Write the lines below out exactly, dropping each picture.
======== PROVIDED RECORDS
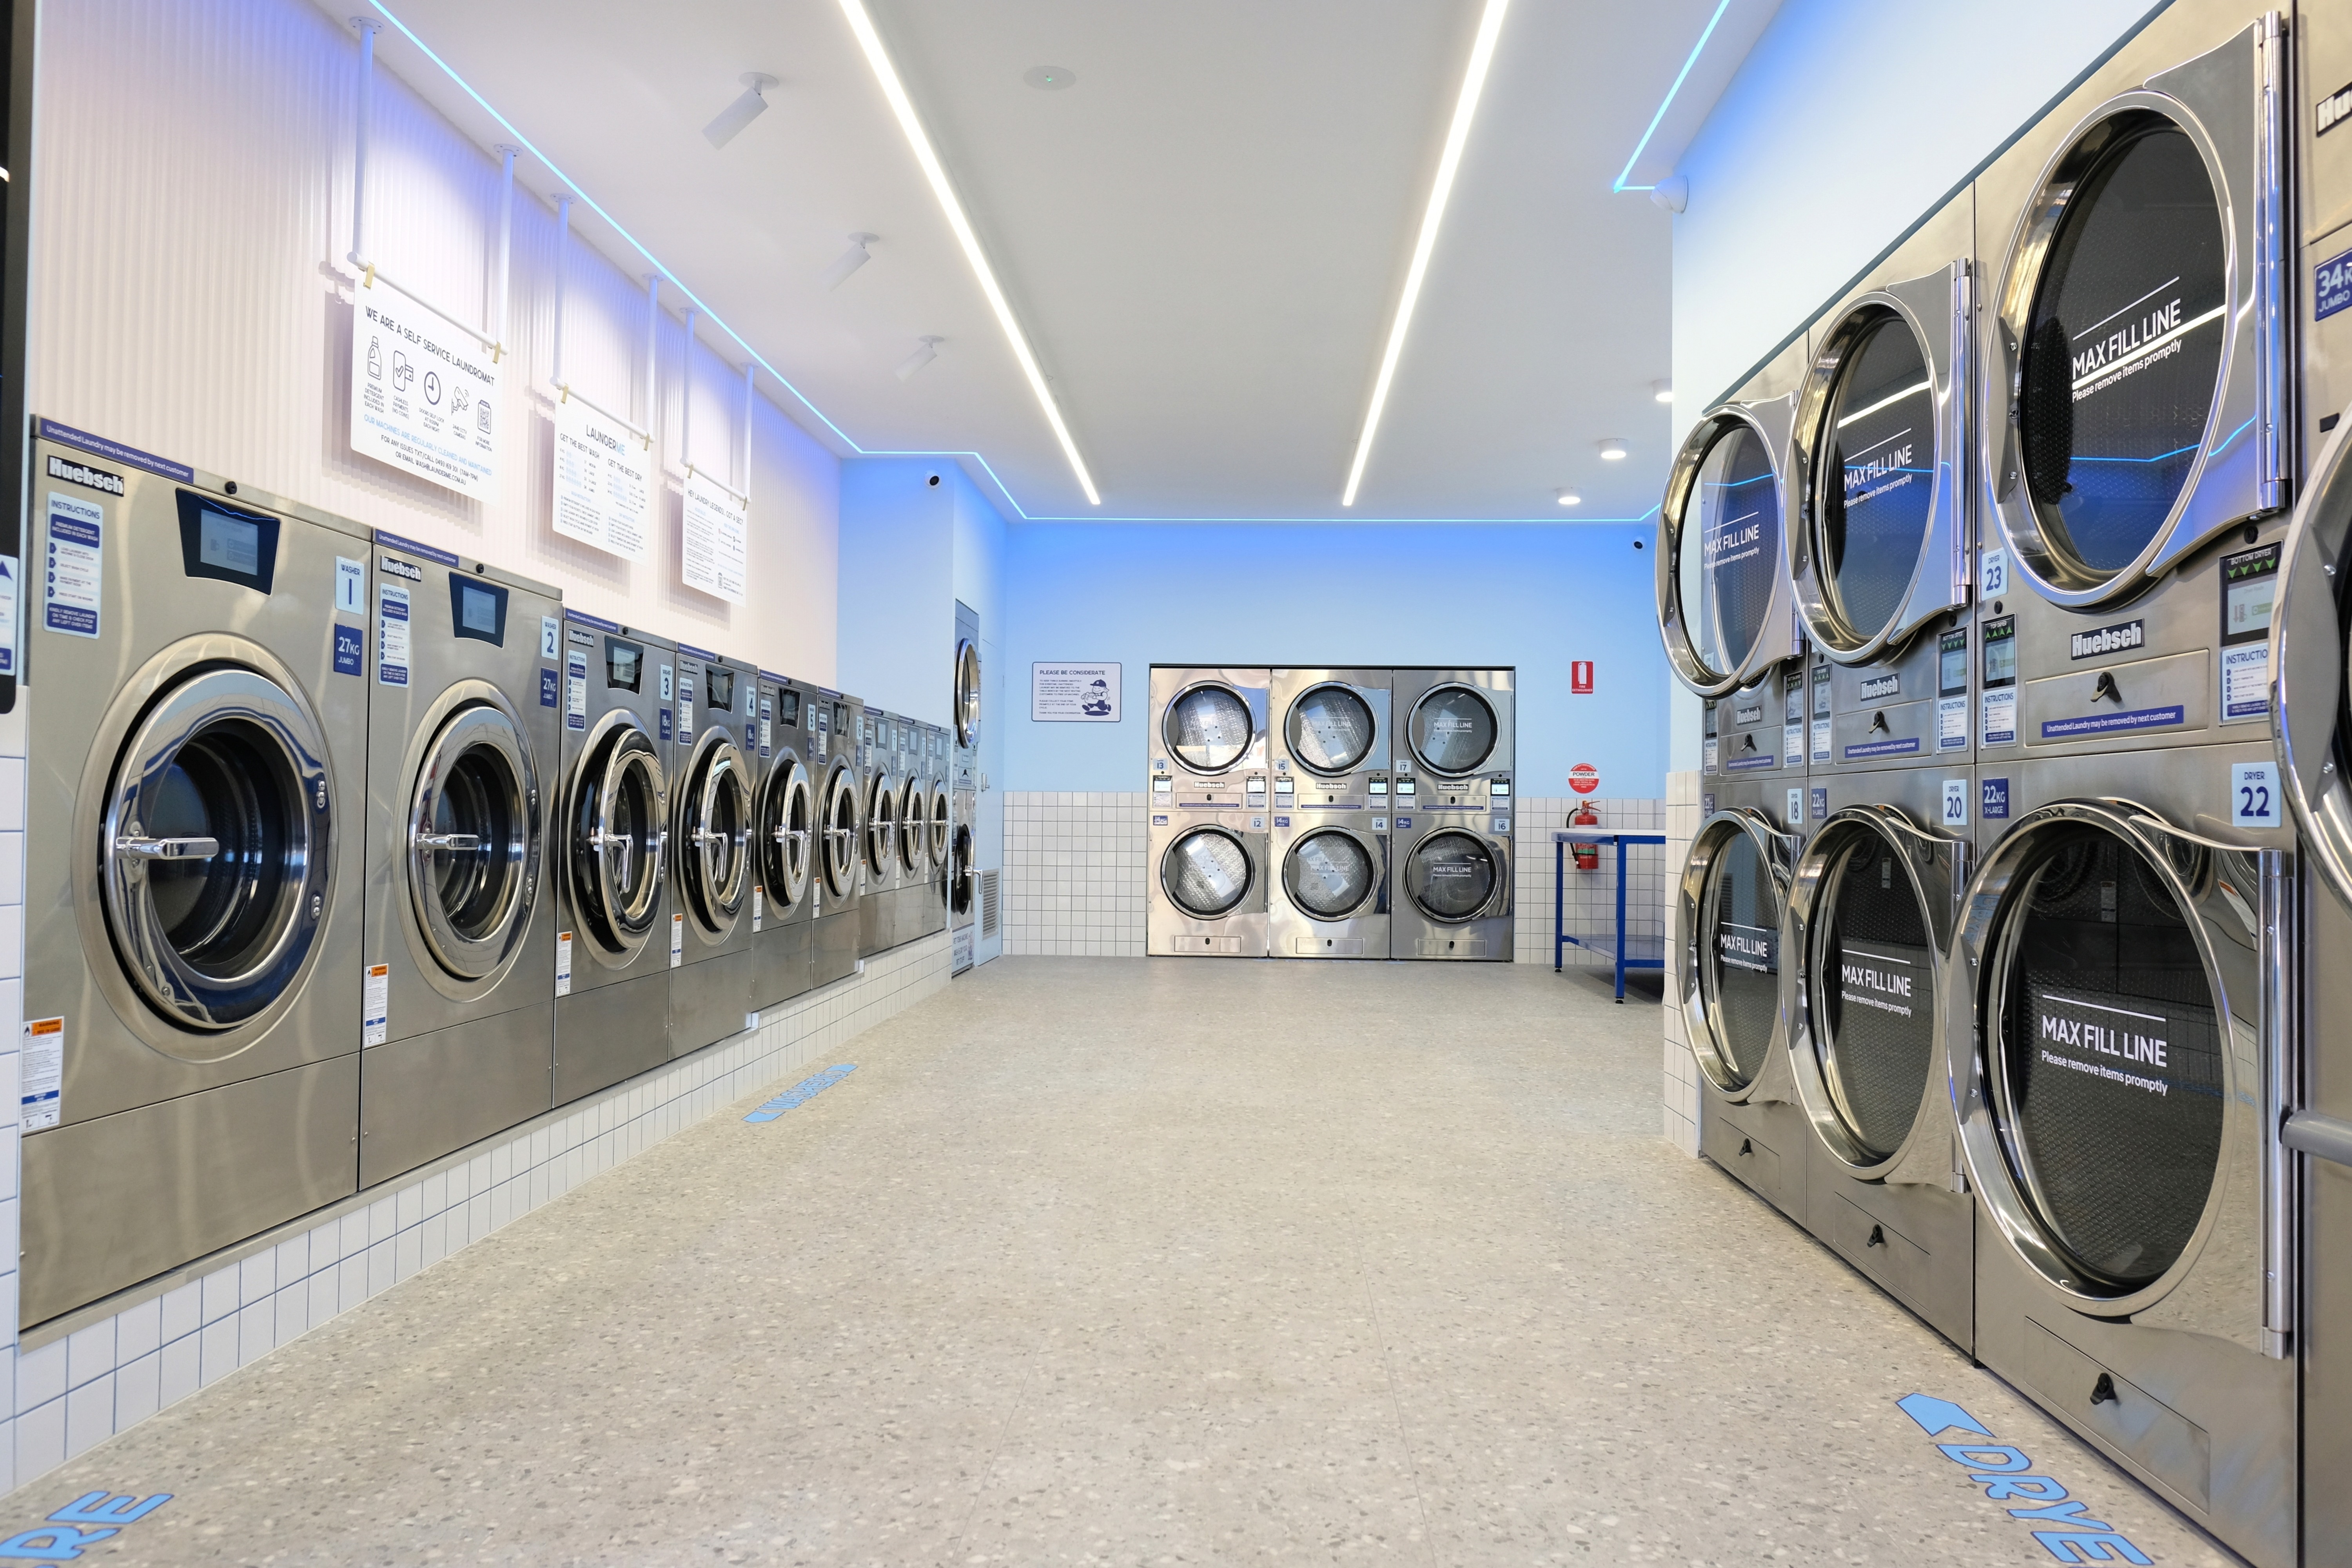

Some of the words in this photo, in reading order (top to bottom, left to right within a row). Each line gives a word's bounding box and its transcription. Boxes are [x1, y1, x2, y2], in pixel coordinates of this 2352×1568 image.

[2318, 290, 2350, 312] JUMBO
[365, 305, 377, 322] WE
[380, 315, 394, 331] ARE
[396, 324, 401, 335] A
[404, 328, 421, 344] SELF
[423, 339, 450, 362] SERVICE
[452, 355, 494, 386] LAUNDROMAT
[2073, 340, 2106, 380] MAX
[2109, 324, 2140, 361] FILL
[2143, 298, 2180, 342] LINE
[2072, 385, 2094, 403] Please
[2094, 371, 2122, 391] remove
[2122, 359, 2143, 377] items
[2144, 339, 2181, 369] promptly
[364, 414, 375, 425] OUR
[376, 419, 400, 436] MACHINES
[401, 431, 410, 440] ARE
[411, 435, 436, 451] REGULARLY
[438, 447, 457, 461] CLEANED
[459, 456, 467, 465] AND
[468, 461, 492, 475] MAINTAINED
[560, 433, 568, 442] GET
[578, 442, 587, 452] BEST
[589, 448, 599, 458] WASH
[381, 434, 390, 443] FOR
[390, 439, 399, 447] ANY
[400, 443, 413, 454] ISSUES
[414, 448, 434, 463] TXT/CALL
[435, 458, 445, 467] 0493
[460, 468, 478, 481] (7AM-7PM)
[49, 456, 123, 494] Huebsch
[402, 454, 414, 464] EMAIL
[415, 459, 466, 485] WASH@LAUNDERME.COM.AU
[608, 458, 616, 467] GET
[625, 467, 634, 477] BEST
[1844, 465, 1866, 491] MAX
[1867, 457, 1887, 481] FILL
[1889, 444, 1912, 472] LINE
[695, 494, 709, 505] LAUNDRY
[1844, 497, 1858, 508] Please
[1858, 490, 1876, 502] remove
[1876, 484, 1889, 495] items
[1889, 474, 1912, 492] promptly
[51, 500, 100, 519] INSTRUCTIONS
[52, 526, 71, 534] INCLUDED
[73, 526, 94, 534] DETERGENT
[1988, 554, 2000, 564] DRYER
[2230, 553, 2254, 565] BOTTOM
[2254, 549, 2272, 559] DRYER
[341, 564, 360, 575] WASHER
[381, 556, 421, 580] Huebsch
[1986, 566, 2002, 591] 23
[382, 589, 408, 599] INSTRUCTIONS
[545, 621, 556, 630] WASHER
[338, 637, 359, 655] 27KG
[547, 631, 554, 653] 2
[569, 630, 593, 646] Huebsch
[2072, 622, 2142, 658] Huebsch
[338, 657, 354, 665] JUMBO
[543, 677, 556, 691] 27KG
[664, 677, 669, 695] 3
[1861, 676, 1898, 699] Huebsch
[750, 697, 753, 713] 4
[1940, 701, 1965, 710] INSTRUCTIONS
[1985, 692, 2014, 703] INSTRUCTIONS
[662, 715, 670, 727] 18KG
[810, 714, 813, 728] 5
[2047, 722, 2072, 732] Unattended
[2072, 720, 2090, 730] Laundry
[2108, 715, 2130, 725] removed
[2130, 715, 2137, 724] by
[2149, 712, 2176, 721] customer
[2244, 771, 2265, 780] DRYER
[1813, 794, 1824, 807] 22KG
[1984, 786, 2005, 804] 22KG
[2241, 786, 2270, 816] 22
[1791, 801, 1798, 820] 18
[1947, 797, 1962, 818] 20
[1842, 964, 1864, 986] MAX
[1866, 969, 1886, 991] FILL
[1887, 973, 1911, 997] LINE
[2042, 1015, 2081, 1047] MAX
[2084, 1024, 2120, 1056] FILL
[2124, 1033, 2167, 1067] LINE
[2042, 1050, 2067, 1067] Please
[2068, 1059, 2099, 1075] remove
[2100, 1064, 2124, 1082] items
[2125, 1074, 2168, 1095] promptly
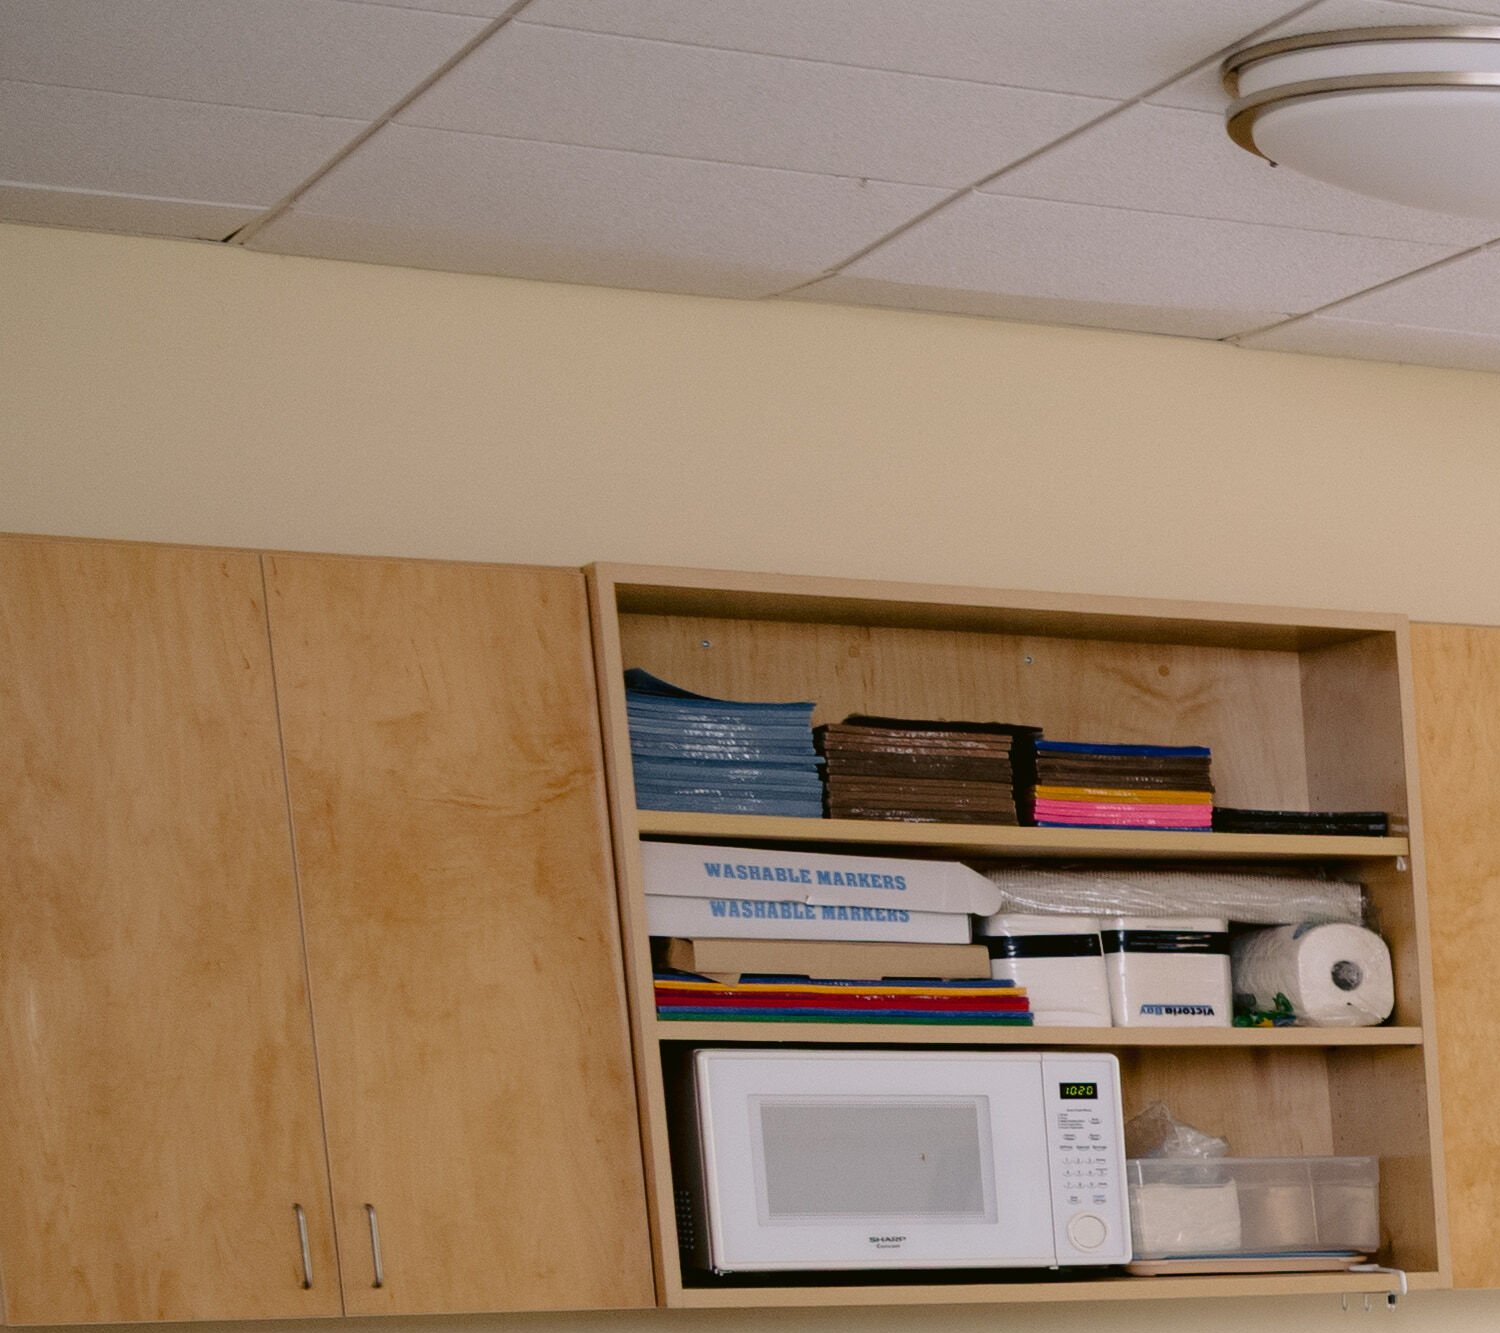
================
## [WRITTEN RESPONSE]
Some of the words in this photo, in reading order (top to bottom, left to right within a row). Each line gives a word's bounding box and its transcription. Boxes are [x1, y1, x2, y2], in pixel coordinates of this 2352×1568 image.

[2318, 290, 2350, 312] JUMBO
[365, 305, 377, 322] WE
[380, 315, 394, 331] ARE
[396, 324, 401, 335] A
[404, 328, 421, 344] SELF
[423, 339, 450, 362] SERVICE
[452, 355, 494, 386] LAUNDROMAT
[2073, 340, 2106, 380] MAX
[2109, 324, 2140, 361] FILL
[2143, 298, 2180, 342] LINE
[2072, 385, 2094, 403] Please
[2094, 371, 2122, 391] remove
[2122, 359, 2143, 377] items
[2144, 339, 2181, 369] promptly
[364, 414, 375, 425] OUR
[376, 419, 400, 436] MACHINES
[401, 431, 410, 440] ARE
[411, 435, 436, 451] REGULARLY
[438, 447, 457, 461] CLEANED
[459, 456, 467, 465] AND
[468, 461, 492, 475] MAINTAINED
[560, 433, 568, 442] GET
[578, 442, 587, 452] BEST
[589, 448, 599, 458] WASH
[381, 434, 390, 443] FOR
[390, 439, 399, 447] ANY
[400, 443, 413, 454] ISSUES
[414, 448, 434, 463] TXT/CALL
[435, 458, 445, 467] 0493
[460, 468, 478, 481] (7AM-7PM)
[49, 456, 123, 494] Huebsch
[402, 454, 414, 464] EMAIL
[415, 459, 466, 485] WASH@LAUNDERME.COM.AU
[608, 458, 616, 467] GET
[625, 467, 634, 477] BEST
[1844, 465, 1866, 491] MAX
[1867, 457, 1887, 481] FILL
[1889, 444, 1912, 472] LINE
[695, 494, 709, 505] LAUNDRY
[1844, 497, 1858, 508] Please
[1858, 490, 1876, 502] remove
[1876, 484, 1889, 495] items
[1889, 474, 1912, 492] promptly
[51, 500, 100, 519] INSTRUCTIONS
[52, 526, 71, 534] INCLUDED
[73, 526, 94, 534] DETERGENT
[1988, 554, 2000, 564] DRYER
[2230, 553, 2254, 565] BOTTOM
[2254, 549, 2272, 559] DRYER
[341, 564, 360, 575] WASHER
[381, 556, 421, 580] Huebsch
[1986, 566, 2002, 591] 23
[382, 589, 408, 599] INSTRUCTIONS
[545, 621, 556, 630] WASHER
[338, 637, 359, 655] 27KG
[547, 631, 554, 653] 2
[569, 630, 593, 646] Huebsch
[2072, 622, 2142, 658] Huebsch
[338, 657, 354, 665] JUMBO
[543, 677, 556, 691] 27KG
[664, 677, 669, 695] 3
[1861, 676, 1898, 699] Huebsch
[750, 697, 753, 713] 4
[1940, 701, 1965, 710] INSTRUCTIONS
[1985, 692, 2014, 703] INSTRUCTIONS
[662, 715, 670, 727] 18KG
[810, 714, 813, 728] 5
[2047, 722, 2072, 732] Unattended
[2072, 720, 2090, 730] Laundry
[2108, 715, 2130, 725] removed
[2130, 715, 2137, 724] by
[2149, 712, 2176, 721] customer
[2244, 771, 2265, 780] DRYER
[1813, 794, 1824, 807] 22KG
[1984, 786, 2005, 804] 22KG
[2241, 786, 2270, 816] 22
[1791, 801, 1798, 820] 18
[1947, 797, 1962, 818] 20
[1842, 964, 1864, 986] MAX
[1866, 969, 1886, 991] FILL
[1887, 973, 1911, 997] LINE
[2042, 1015, 2081, 1047] MAX
[2084, 1024, 2120, 1056] FILL
[2124, 1033, 2167, 1067] LINE
[2042, 1050, 2067, 1067] Please
[2068, 1059, 2099, 1075] remove
[2100, 1064, 2124, 1082] items
[2125, 1074, 2168, 1095] promptly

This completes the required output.